Rebekah was fine, as were Rigo, Dani, Han, Sanna, and Bjern. Haddi Vorsen, Ben Smit, and Petra Venbergen had died at different points in the journey, sending David into a miasma of self-doubt; it was possible that he had done something wrong when bedding them down, and thereby killed them. He checked the times of death again, and after seeing that Petra was the first to die, roughly twenty-three years after their departure from Gamarene, made it only a little bit easier. Only Petra's death would produce lingering grief; Haddi and Ben han been married shortly before their entry into the hiberpods, and consequently were not survived by the one that would miss them the most.

Bjern took the news as well as could be expected.

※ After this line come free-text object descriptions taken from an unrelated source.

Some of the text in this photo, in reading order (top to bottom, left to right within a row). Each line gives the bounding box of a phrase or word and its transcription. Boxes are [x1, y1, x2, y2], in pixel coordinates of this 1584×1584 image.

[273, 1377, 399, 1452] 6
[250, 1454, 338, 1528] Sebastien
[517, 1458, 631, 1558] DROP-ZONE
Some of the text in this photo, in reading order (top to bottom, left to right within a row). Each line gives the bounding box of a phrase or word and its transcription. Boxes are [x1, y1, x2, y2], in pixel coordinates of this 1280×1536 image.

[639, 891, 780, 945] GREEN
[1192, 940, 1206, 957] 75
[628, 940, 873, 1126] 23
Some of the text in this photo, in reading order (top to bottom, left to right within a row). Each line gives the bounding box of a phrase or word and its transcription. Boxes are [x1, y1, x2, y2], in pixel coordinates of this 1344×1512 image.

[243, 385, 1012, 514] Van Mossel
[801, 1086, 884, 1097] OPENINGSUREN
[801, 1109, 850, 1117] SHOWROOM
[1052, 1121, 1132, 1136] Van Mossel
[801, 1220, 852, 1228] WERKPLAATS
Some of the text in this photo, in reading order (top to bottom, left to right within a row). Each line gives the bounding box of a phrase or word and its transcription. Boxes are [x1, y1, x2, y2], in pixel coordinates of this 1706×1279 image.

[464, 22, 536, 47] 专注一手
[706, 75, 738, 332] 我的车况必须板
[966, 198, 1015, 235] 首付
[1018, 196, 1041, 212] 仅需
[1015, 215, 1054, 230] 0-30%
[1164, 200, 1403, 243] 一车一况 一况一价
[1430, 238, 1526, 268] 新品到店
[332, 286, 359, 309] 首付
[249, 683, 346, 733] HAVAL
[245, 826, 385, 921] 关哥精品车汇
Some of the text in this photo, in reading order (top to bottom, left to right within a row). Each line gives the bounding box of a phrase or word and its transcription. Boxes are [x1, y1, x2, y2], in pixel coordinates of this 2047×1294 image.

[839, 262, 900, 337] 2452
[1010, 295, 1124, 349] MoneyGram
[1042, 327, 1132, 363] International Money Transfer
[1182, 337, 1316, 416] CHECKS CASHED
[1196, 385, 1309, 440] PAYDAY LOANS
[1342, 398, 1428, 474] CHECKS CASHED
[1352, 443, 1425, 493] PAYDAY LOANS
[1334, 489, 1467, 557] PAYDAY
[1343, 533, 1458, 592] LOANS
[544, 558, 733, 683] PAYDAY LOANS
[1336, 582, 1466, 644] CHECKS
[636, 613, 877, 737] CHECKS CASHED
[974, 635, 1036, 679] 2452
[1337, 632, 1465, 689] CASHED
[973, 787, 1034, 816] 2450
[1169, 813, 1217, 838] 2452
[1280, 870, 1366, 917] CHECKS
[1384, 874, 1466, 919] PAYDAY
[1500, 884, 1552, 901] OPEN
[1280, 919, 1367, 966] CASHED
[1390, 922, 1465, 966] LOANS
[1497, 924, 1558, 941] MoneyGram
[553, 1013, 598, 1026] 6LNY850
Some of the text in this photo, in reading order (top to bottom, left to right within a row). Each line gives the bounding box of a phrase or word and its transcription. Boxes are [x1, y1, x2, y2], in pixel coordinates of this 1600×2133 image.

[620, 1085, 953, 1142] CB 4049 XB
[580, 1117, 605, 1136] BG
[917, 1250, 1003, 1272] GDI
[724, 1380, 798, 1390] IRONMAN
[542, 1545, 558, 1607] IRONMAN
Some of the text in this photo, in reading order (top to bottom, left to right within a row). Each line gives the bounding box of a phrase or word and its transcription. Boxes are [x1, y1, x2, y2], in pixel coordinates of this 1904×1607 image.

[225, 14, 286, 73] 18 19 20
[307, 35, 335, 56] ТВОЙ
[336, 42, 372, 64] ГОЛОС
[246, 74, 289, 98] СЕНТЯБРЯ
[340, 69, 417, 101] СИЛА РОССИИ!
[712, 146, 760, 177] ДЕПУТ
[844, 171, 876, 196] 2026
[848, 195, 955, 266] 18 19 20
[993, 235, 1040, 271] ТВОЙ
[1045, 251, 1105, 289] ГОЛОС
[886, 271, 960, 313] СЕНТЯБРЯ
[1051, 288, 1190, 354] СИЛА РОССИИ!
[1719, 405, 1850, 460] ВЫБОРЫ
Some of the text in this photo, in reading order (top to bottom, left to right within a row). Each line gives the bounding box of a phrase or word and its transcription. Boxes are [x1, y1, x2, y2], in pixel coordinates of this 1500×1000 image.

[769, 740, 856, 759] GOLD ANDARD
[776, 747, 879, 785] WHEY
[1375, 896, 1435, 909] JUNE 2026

Decedrius had but three planets: A giant of a gas giant, approximately twice the mass of Jupiter, and two smaller worlds much closer to their humble yellow mother. As the crew spied them through their telescopes, hope leapt: The second planet had a tantalizing bluish tint to its disc.

The disappointment at Gamarene was forgotten, and for the three months spent decelerating towards the inner planets, even Bjern was cheerful most of the time, although the other six knew that he was mourning when he was alone in his compartment. Frustratingly enough, the best course for exploring the system took them by the innermost planet first, which they already knew was uninhabitable; roughly twice the mass of Earth, it was similar to Mercury in all other respects, including mean surface temperature. They passed by it impatiently, with no misgivings, dismissing it from their thoughts as they hurtled towards the beckoning second planet.

Decedrius II, upon the rapidly closing inspection, had blue expanses of surface liquid, ice caps that crept a full twenty degrees from each pole, a ten degree inclination between the axes of rotation and revolution, and a surface temperature that averaged ten degrees cooler than Earth's. The spectrographic readings on the fly-by set the crew into howls of joy: The ocean was water, the atmosphere was one quarter oxygen and three-fourths nitrogen, with trace amounts of noble gases. The orbit was circular. Two small moons coursed through its sky. Decedrius-II was better than they had been willing to settle for.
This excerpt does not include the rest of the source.